The First Quarter Moon is heaven. It’s great even in a low-power eyepiece, which keeps turbulent seeing conditions to a minimum. Bring this page out with you and start with the curved mountain range almost in the middle of the Moon. These are the lunar Apennines, fabulous from First Quarter until two nights later. Some 400 miles (600 kilometers) long, they stick 18,000 feet (5,000 meters) straight up toward you like shark’s teeth. They’re the Moon’s best mountains, and an easy guide to other features. Observe two days after First Quarter and follow this curved mountain chain toward the Moon’s unlit part: They end abruptly at the crater Eratosthenes. It’s worth saying his name because he was the guy who first figured out the true size of Earth without ever setting foot outside of Egypt. That was 2,200 years ago.

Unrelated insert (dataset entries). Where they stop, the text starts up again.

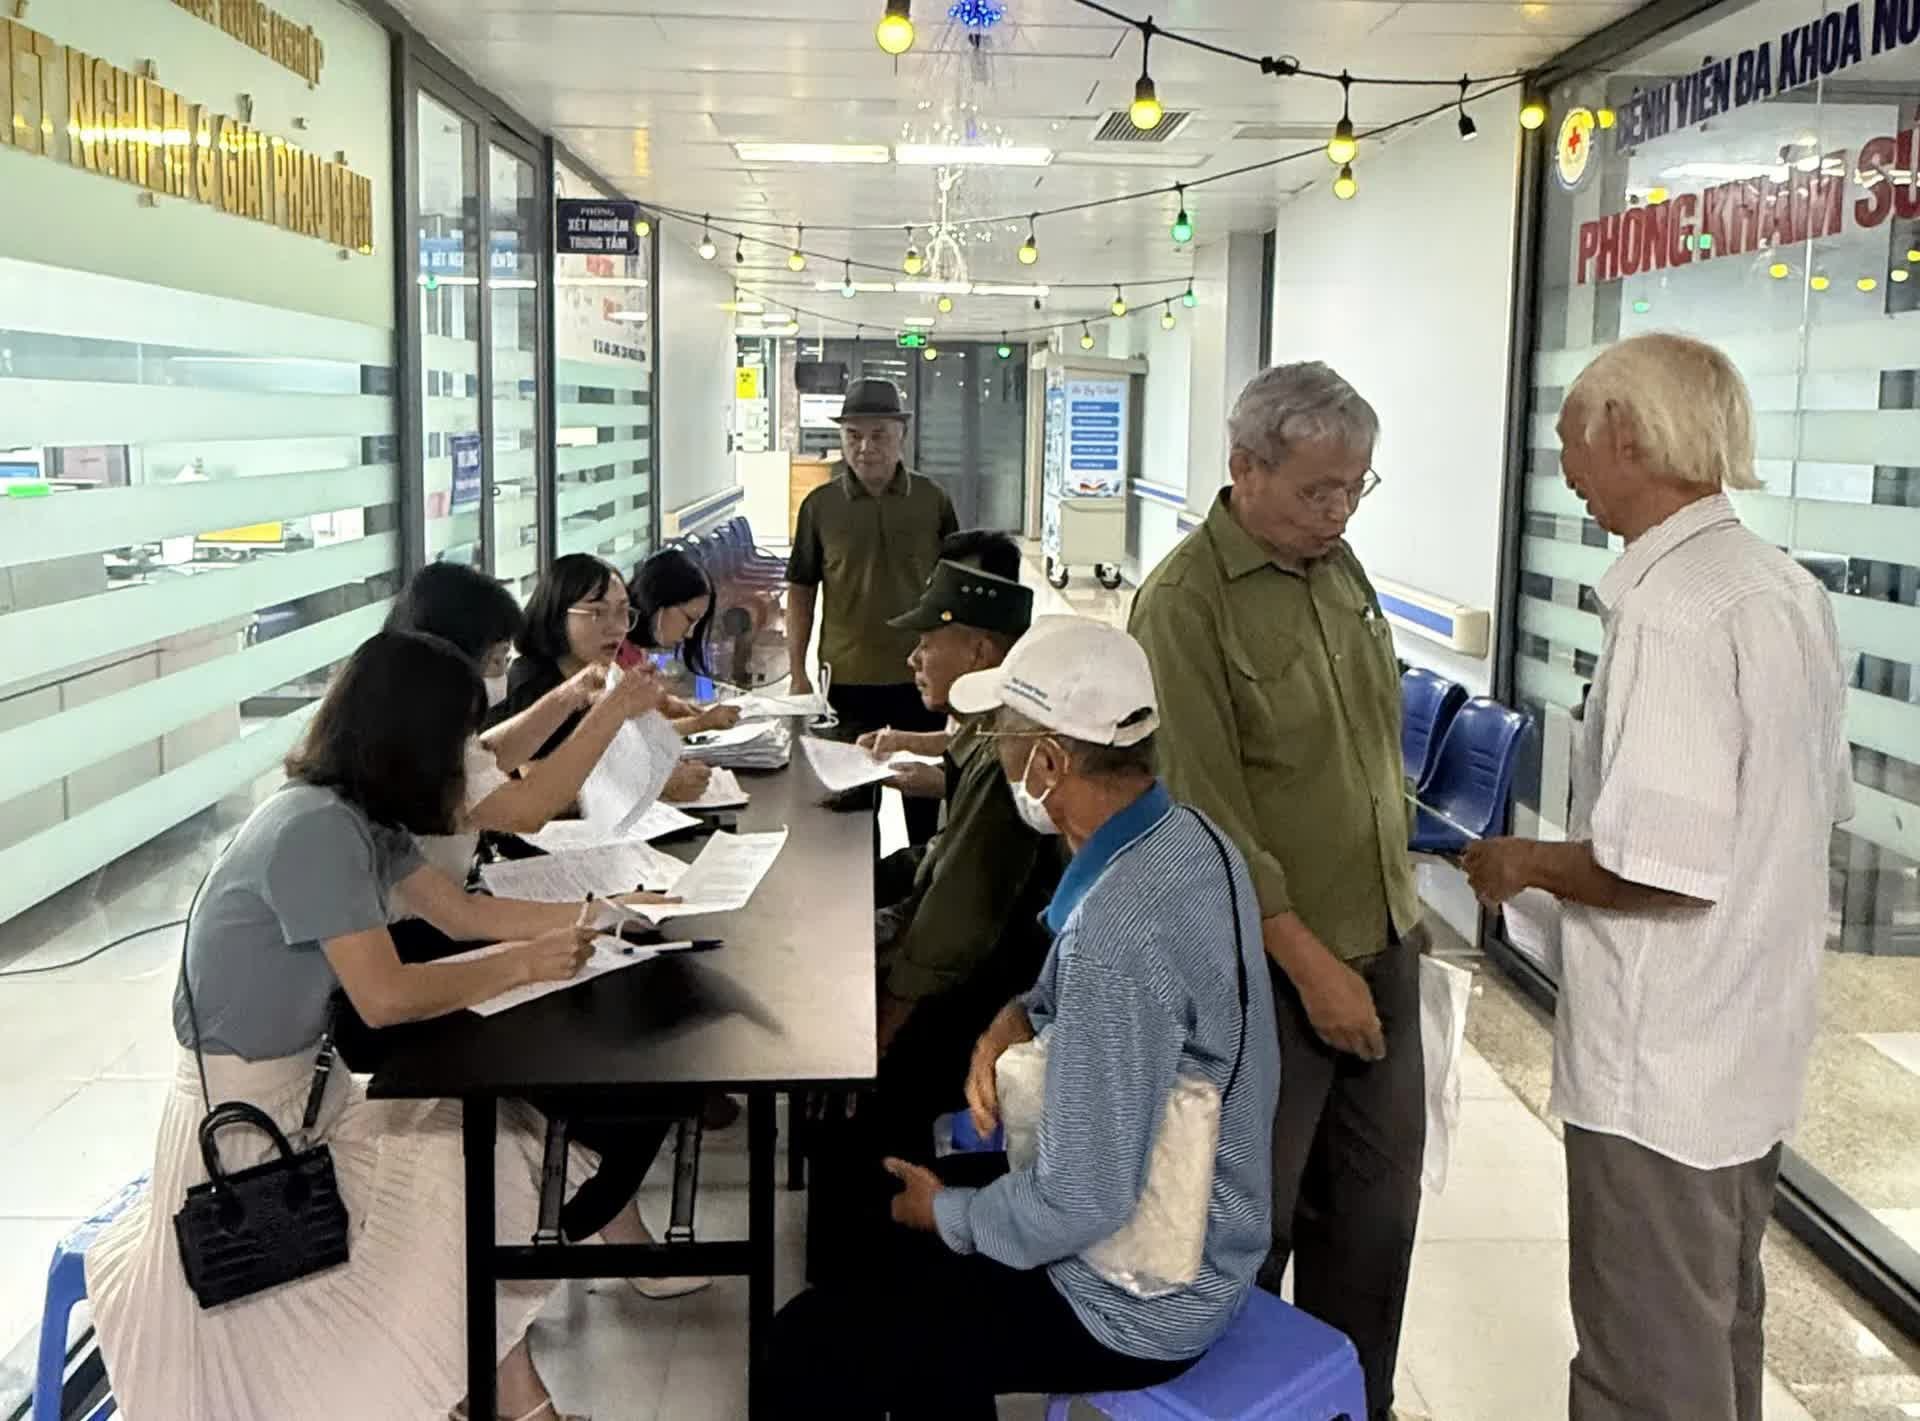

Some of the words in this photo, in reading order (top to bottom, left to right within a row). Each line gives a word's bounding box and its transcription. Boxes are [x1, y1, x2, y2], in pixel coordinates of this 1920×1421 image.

[0, 0, 58, 157] ÉT
[65, 44, 190, 208] NGHIỆM
[195, 103, 215, 205] &
[1675, 55, 1732, 133] VIỆN
[1779, 3, 1863, 92] KHOA

“IT’S WORTH BUYING A TELESCOPE FOR COPERNICUS ALONE.”
As the day/night line, or terminator, creeps over the lunar surface at 10 mph (16 km/h) — jogging speed, if you’re quick — lunar detail at its equator changes in just a 4-hour observing session. Aiding the process is the Moon’s small size and thus steeply curved surface. The lunar horizon falls away so abruptly that Apollo 15, 16, and 17 astronauts driving in the rover disconcertingly watched the lander almost immediately vanish over the skyline. If an astronaut stood at the center of Copernicus and looked out, she wouldn’t be able to see its miles-high rim. The crater’s lofty encircling walls would all be invisible — over the horizon!

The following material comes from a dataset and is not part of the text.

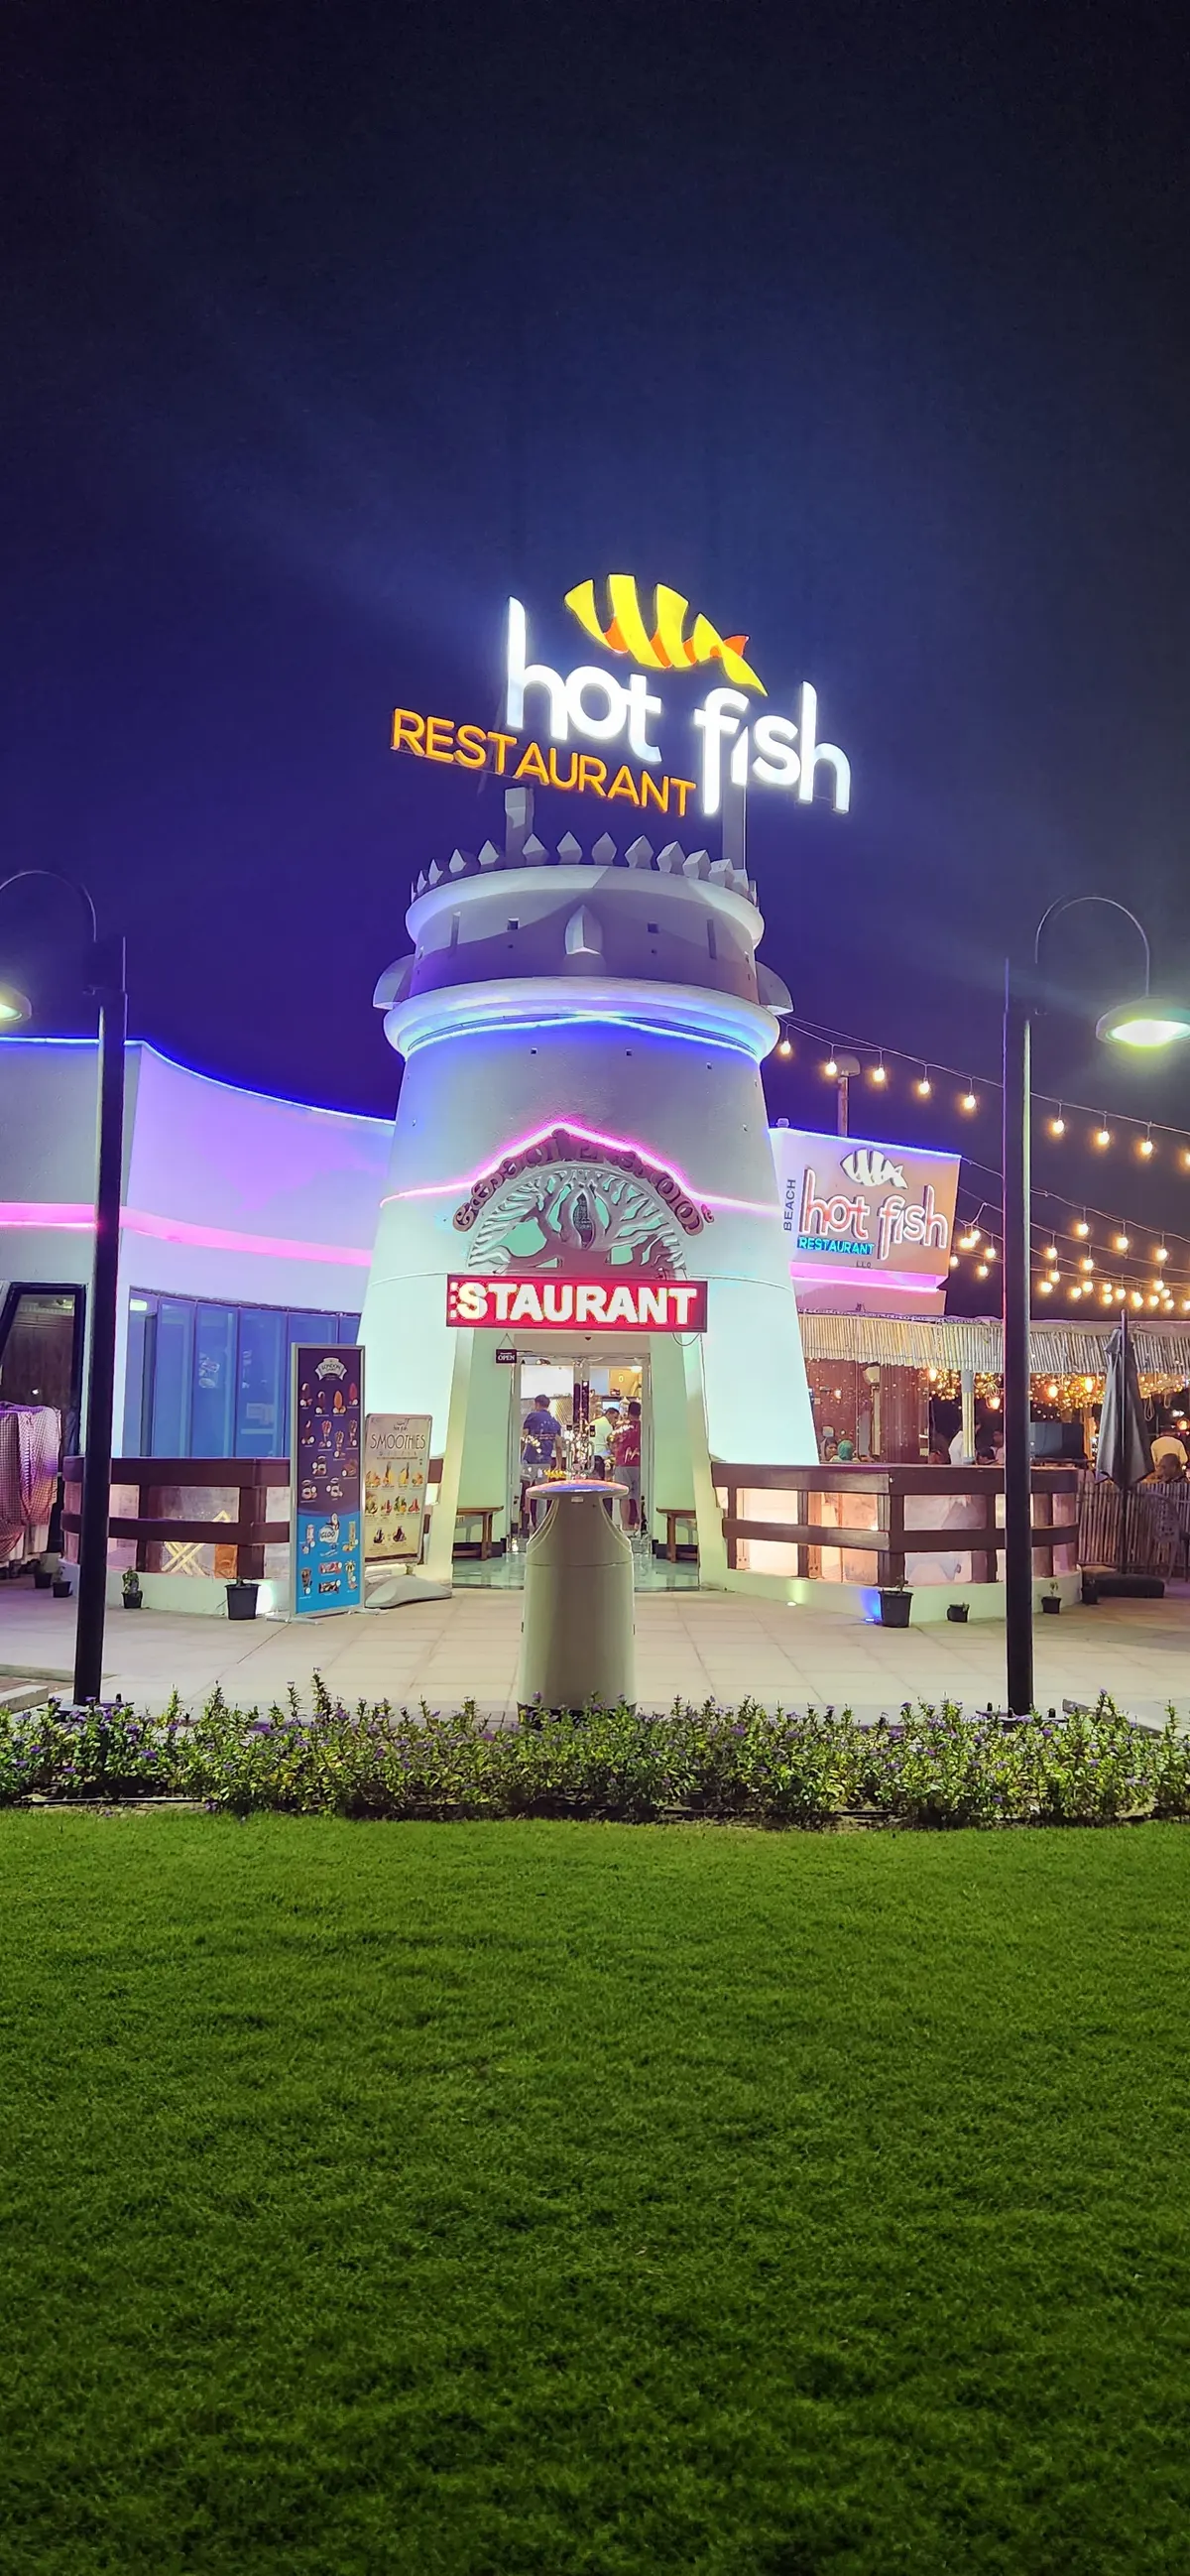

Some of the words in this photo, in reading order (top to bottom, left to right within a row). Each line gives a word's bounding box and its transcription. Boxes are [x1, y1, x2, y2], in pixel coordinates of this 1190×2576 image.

The Apennines’ curve forms the southeastern boundary of the Moon’s most dramatic “sea” — Mare Imbrium. This large, dark, smooth mare lies at the Moon’s upper left as seen with the naked eye or binoculars. Notice how all the seas are pockmarked by few craters. By contrast, the highlands at the bottom (south end) of the Moon are chaotic with impact holes. This quick inspection reveals the Moon’s timeline. Those highlands are the oldest features. Then came a period of volcanism that swallowed mountains and craters and left behind dark flat areas. Finally, here and there, a crater like Archimedes (the biggest crater just to the upper left of the Apennines) marks a recent impact. These are the precious new features.

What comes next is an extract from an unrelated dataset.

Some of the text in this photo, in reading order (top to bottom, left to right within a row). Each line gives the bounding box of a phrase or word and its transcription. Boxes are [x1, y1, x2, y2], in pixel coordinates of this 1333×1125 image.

The scarcity of craters embedded in the smooth maria is absolute proof that the wild west years of the solar system, when crazy-frequent meteors kept pounding Earth and the Moon, ended a long time ago. Our current state of calm stares at us from the Moon’s surface. Otherwise those seas would have lots of craters.
This dramatic visual storybook hovers in the late winter sky. And the scene even changes nightly, like no other celestial object. Is it possible the best telescope target happens to be the closest? I don’t know about you, but after all these years I’m still not over the thrill of the Moon.